#### The input
____

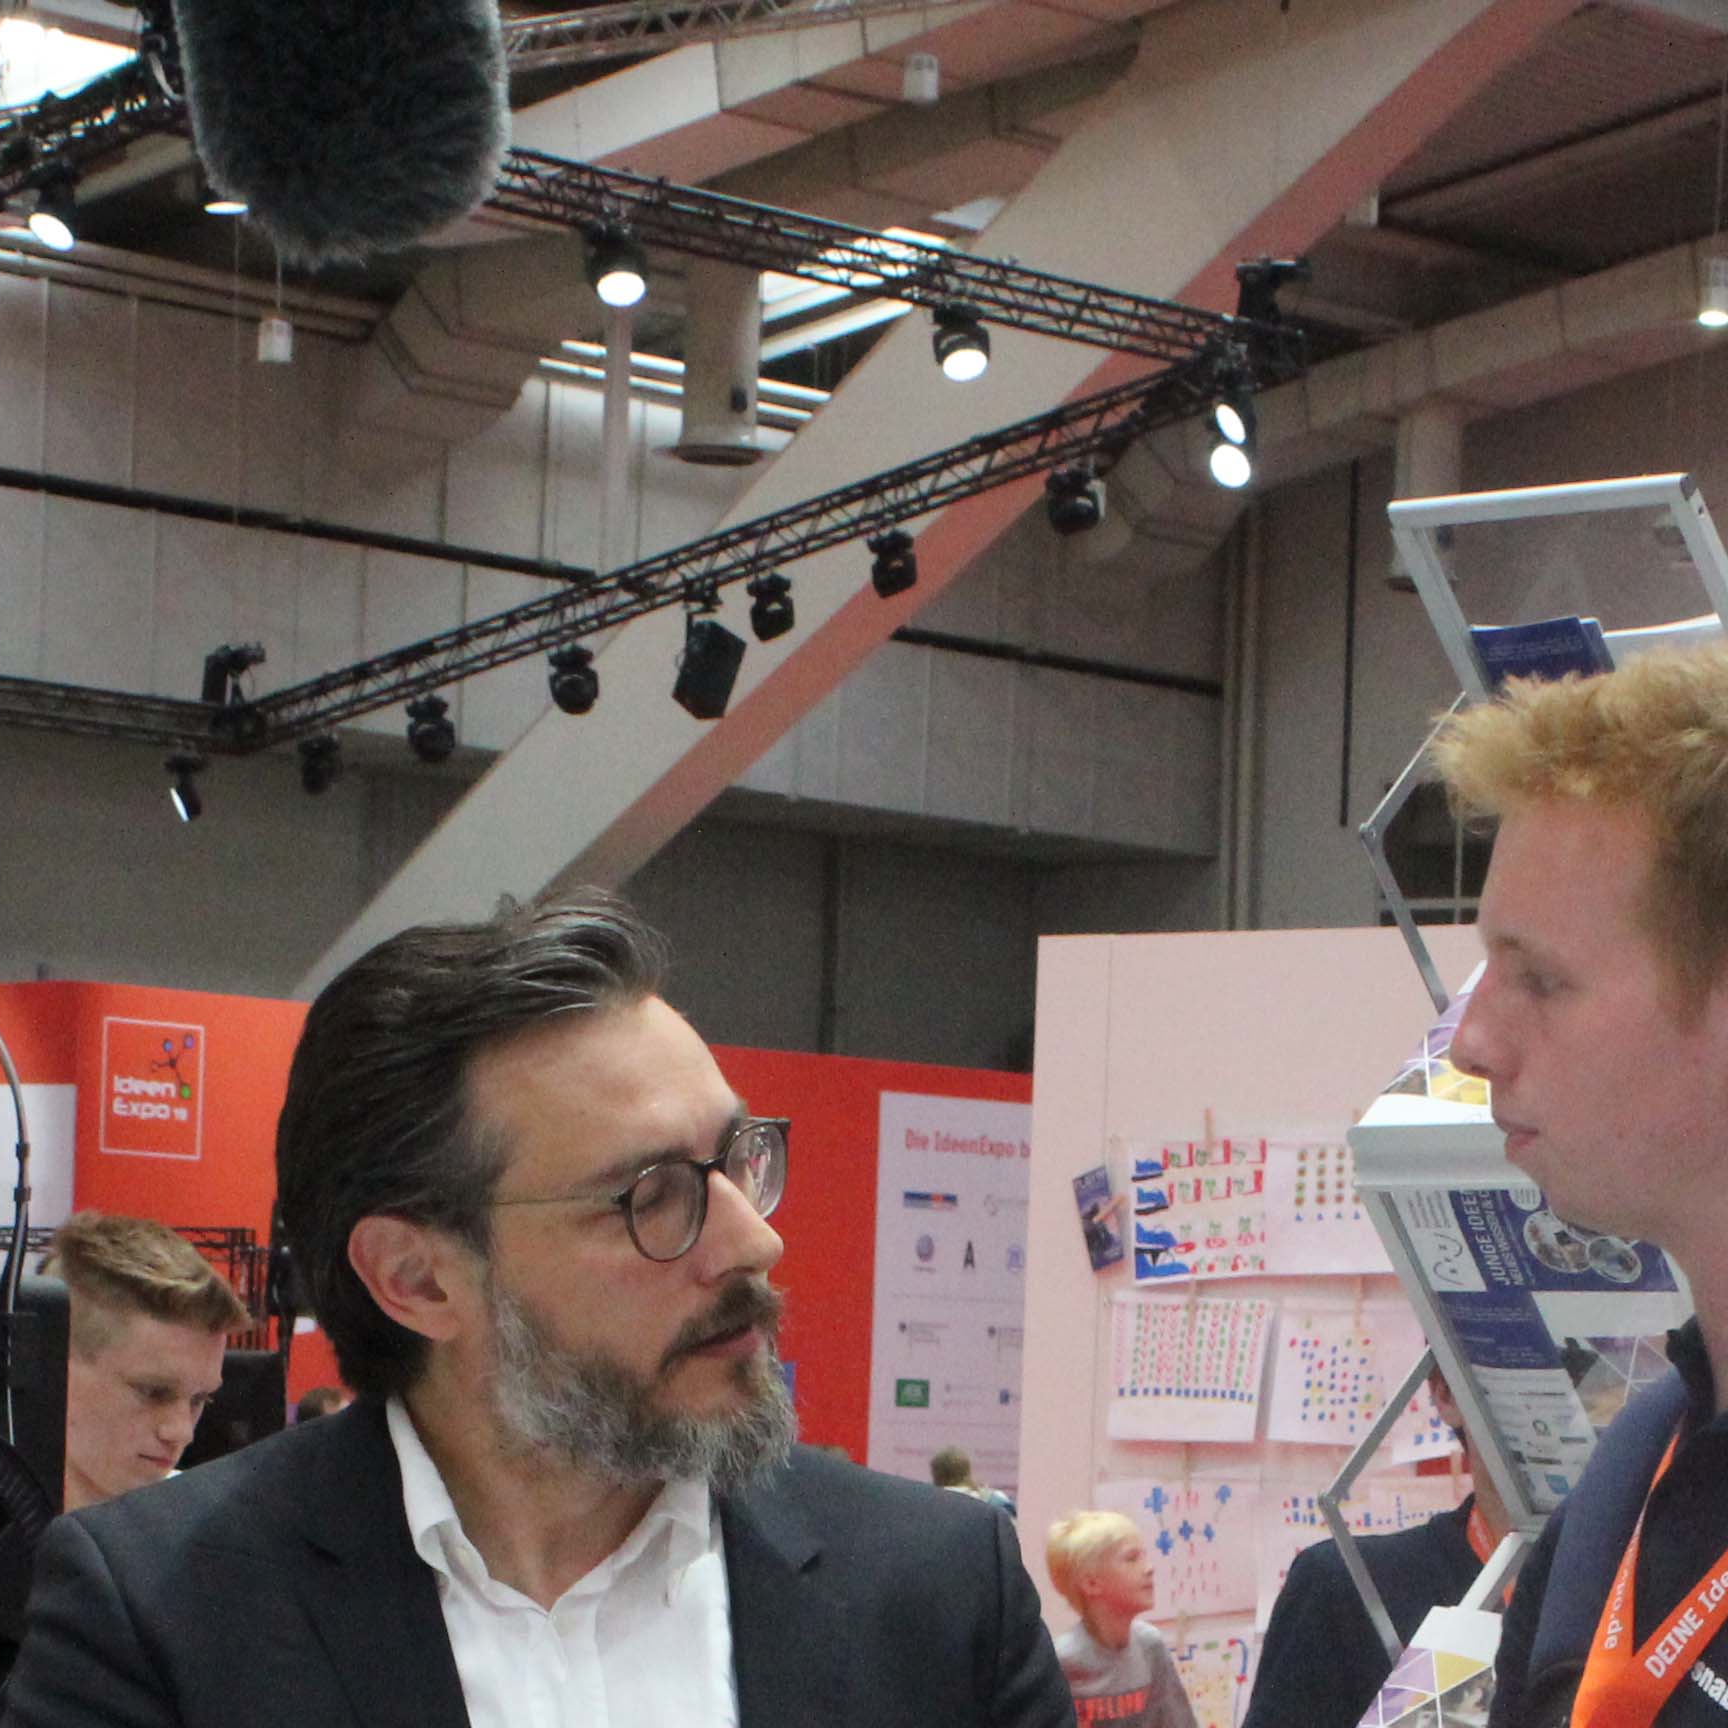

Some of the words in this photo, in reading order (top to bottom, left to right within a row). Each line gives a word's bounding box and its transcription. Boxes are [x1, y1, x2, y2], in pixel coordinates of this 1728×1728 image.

[113, 1075, 179, 1099] Ideen
[113, 1098, 170, 1122] Expo
[904, 1128, 930, 1151] Die
[933, 1130, 1016, 1159] IdeenExpo
[1020, 1140, 1031, 1158] b
[1460, 1189, 1487, 1232] IDEE
[1475, 1234, 1511, 1286] JUNGE
[1644, 1607, 1706, 1679] DEINE

____

#### Task goal
Print verbatim every line above, apart from the pictures.

#### Result of this task
Some of the words in this photo, in reading order (top to bottom, left to right within a row). Each line gives a word's bounding box and its transcription. Boxes are [x1, y1, x2, y2], in pixel coordinates of this 1728×1728 image.

[113, 1075, 179, 1099] Ideen
[113, 1098, 170, 1122] Expo
[904, 1128, 930, 1151] Die
[933, 1130, 1016, 1159] IdeenExpo
[1020, 1140, 1031, 1158] b
[1460, 1189, 1487, 1232] IDEE
[1475, 1234, 1511, 1286] JUNGE
[1644, 1607, 1706, 1679] DEINE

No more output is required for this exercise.